I know people have asked this question for generations and for some it has meant creating an alternative story, outside the dominant system in the hope that others will join it. For me, this is obvious in certain religious and political institutions. The same yearning has also led to many wonderful people movements (suffragettes, civil rights, gay rights etc), inventions and change. But nearly always, these catalytic shakings result in commodification and assimilation into the status quo. My good friend, Martin Scott, has written some very helpful and thought provoking things about the nature of people movements of late and I especially like the observation he makes about how such movements rise and fall. First of all they are ignored, then they are ridiculed. When ridicule fails and the movements become more threatening to the powerful elite, the strategy becomes one of hostility and when this fails, they are colonised. Colonisation leads to control.

 

The danger for any people movement is the acquisition of power. This is based on the old adage that all power corrupts and absolute power corrupts absolutely. For me this is held fast by the current reality of the dominant system that holds its power through the triangulation of control through violence (particularly seen in the state of the exception), debt and law (both religious and political, especially when is oppresses or stifles creativity and freedom). But, another good friend of mine, Roger Mitchell, contests that love itself is the most powerful force in the universe and love does not have to be corrupted. If love is the prime choice before power, then power becomes subordinate to love and another world becomes possible (see ‘The Uncontrolling Love of God’ by Thomas Jay Oord).

 

Another world is possible, but my perspective is that it is only possible for it to be ‘recreated’ from within it. And that involves our eyes being opened to new possibilities and a determination that love must be our prime choice. Once we decide that we are first and foremost about love, it leaves nobody at all on the ‘outside’. It has a different set of priorities to those of the dominant form of power. It involves a new way of being together. Our systems can be transformed once we personalise them and realise that we are part of them. For me, this is the heart of what the christian narrative is all about (ignored, ridiculed, treated with hostility and then colonsied). It awakens the possibility within us, as individuals, communities and nations, of another kind of world, not a separate world within the world. A world where God is not mysterious but known to all as the One of Love, who does not dominate or control but gives love and life freely; not in some Utopian, hippy-like dream, but in the gritty reality and pain of every day life, pouring itself out from the choice of love. This kind of love does not demand uniformity, but calls us deeper into a place of union, a real belonging to the family of humanity in which our choices, values and behaviour become aligned with the hope we carry for the future. Once we decide that our underlying and first value is love, the possibilities ahead are very exciting!

 

 

Revolution

Ok, I can’t sleep. I’ve been needing to write this for ages. I know my voice is small and I live somewhere in the north of rural lancashire in the UK, but I want to add my voice to the growing song that is rising in the hearts of the multitude. We need a revolution and we are in the midst of one, but we don’t fully know it yet. It is stirring in our hearts, the yearning for something truly and radically different. Russell Brand gave voice to it, in his interview with Jeremy Paxman. You can see it on youtube.

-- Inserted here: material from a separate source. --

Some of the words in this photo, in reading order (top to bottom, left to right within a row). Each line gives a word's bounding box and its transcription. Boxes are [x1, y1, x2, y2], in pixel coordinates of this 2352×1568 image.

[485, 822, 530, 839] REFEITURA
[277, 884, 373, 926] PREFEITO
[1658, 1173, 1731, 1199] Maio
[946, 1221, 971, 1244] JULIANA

I watched question time the other week, and I nearly threw my shoe at the television. I was filled with such indignation at the lack of real debate.The ‘right’ and the ‘centre-left’ may as well be saying the same thing, the odd difference in policy, but a maintaining of the status-quo. We cannot and must not allow the wool to be pulled over our eyes. We cannot and must not allow ourselves to be hypnotised or enslaved in our thinking and believe that things cannot and will not change. Part of my job description at the moment is to try and help save/cut 70 million pounds from the health budget for the Morecambe bay area. Save 70 million pounds! I ask you! When there are billions of pounds in off shore tax havens?!

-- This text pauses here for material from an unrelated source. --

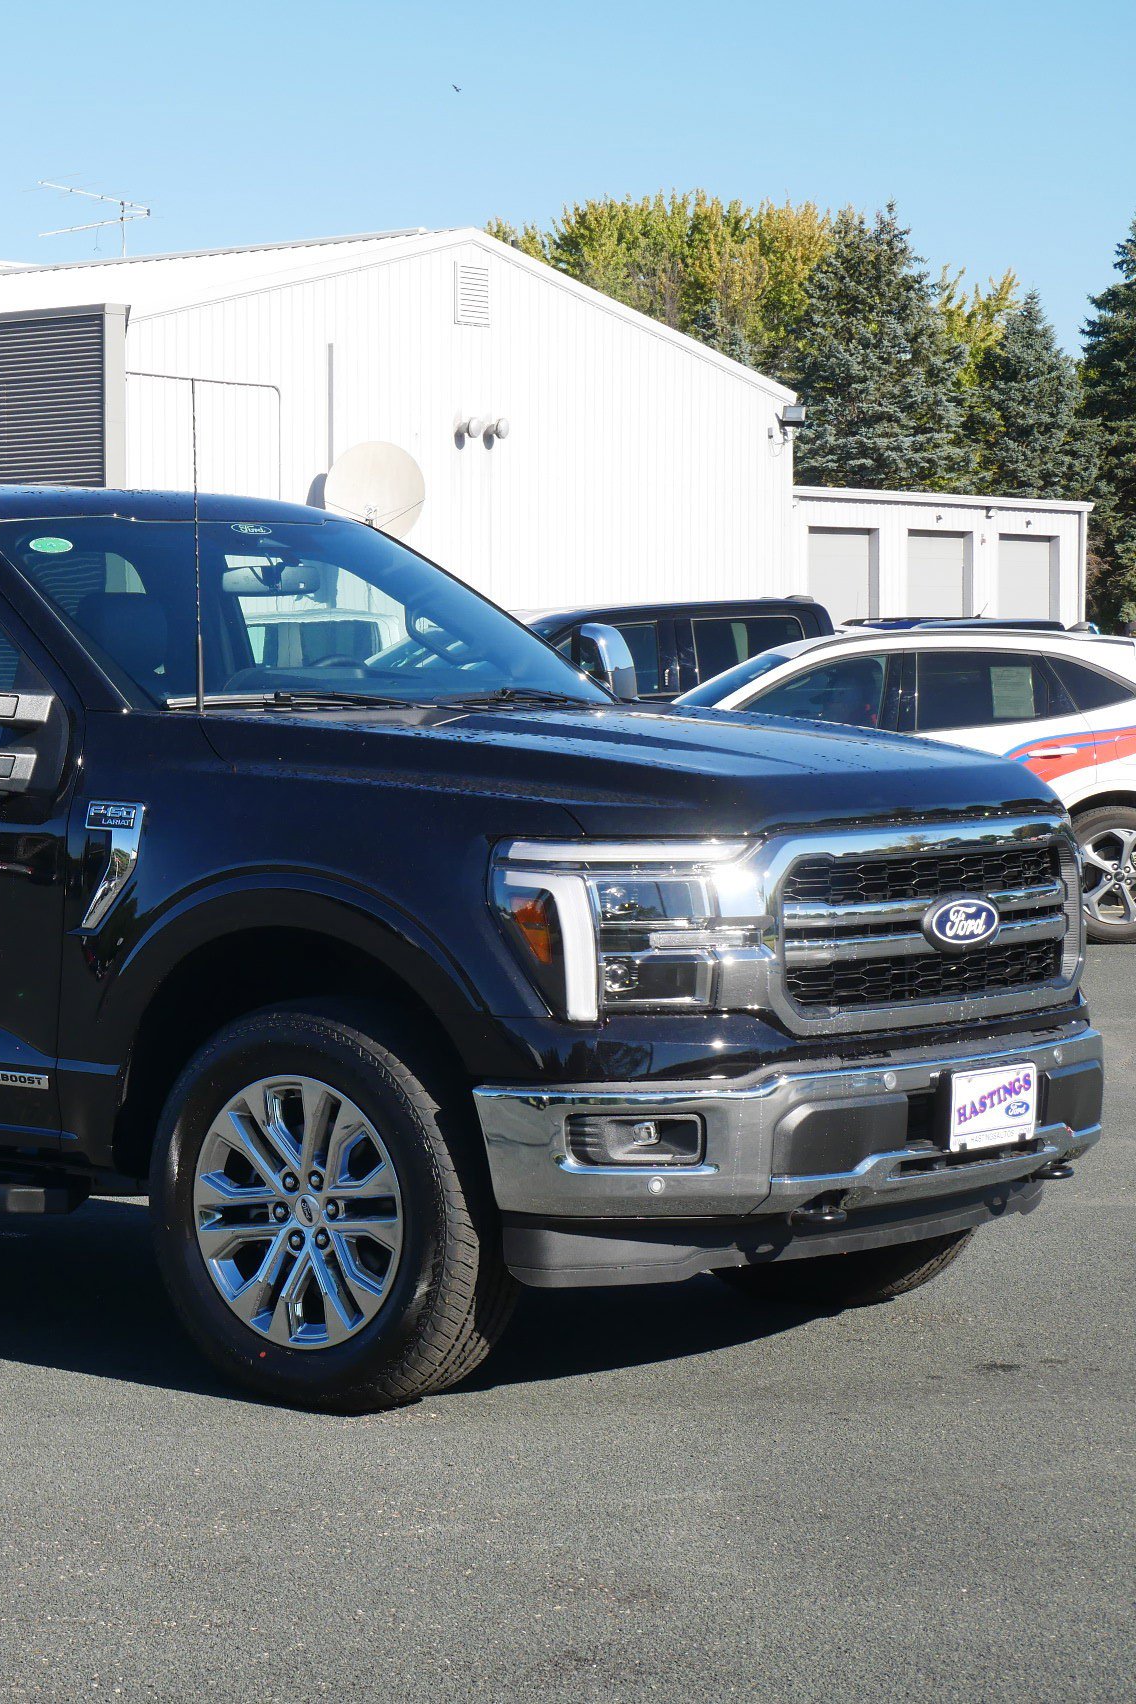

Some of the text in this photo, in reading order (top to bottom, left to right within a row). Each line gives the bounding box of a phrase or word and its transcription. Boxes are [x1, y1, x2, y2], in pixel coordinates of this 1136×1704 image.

You see we do not dream of a future in which we allow competition and greed to drive us. We do not dream of a future in which our african children starve to death or our afghan brothers are killed by our european ones. We do not dream of a future in which our children are commodities, eaten up by an economic system that pitches them one against another. We do not dream of a future in which we value our children by their grades and devalue education to the degree that we measure success by literacy rates at the age of 16. We do not dream of a world where healthcare is about profit and the ones who need it most cannot access it. We do not dream of a world where we continually rape the earth of her resources and leave an unsustainable planet. We do not dream of a global economy in which the rich are protected and given more and more privilege whilst the ‘feckless poor’ are punished and scapegoated. We do not dream of a world in which girls are slaves within a sex industry. We do not dream of a world in which there is such disparity between rich and poor. We do not dream of a world in which we spend trillions of dollars on war because we have such a skewed idolatry of nation states. We do not really believe that war will eventually bring real peace. We do not dream of a world in which billions of dollars are siphoned into tax-free havens so the rich can build their super yachts and we have to cut back our public services to the extent that the only other alternative on the table becomes to privatise everything and increase yet more competition whilst sacrificing our very souls. NO!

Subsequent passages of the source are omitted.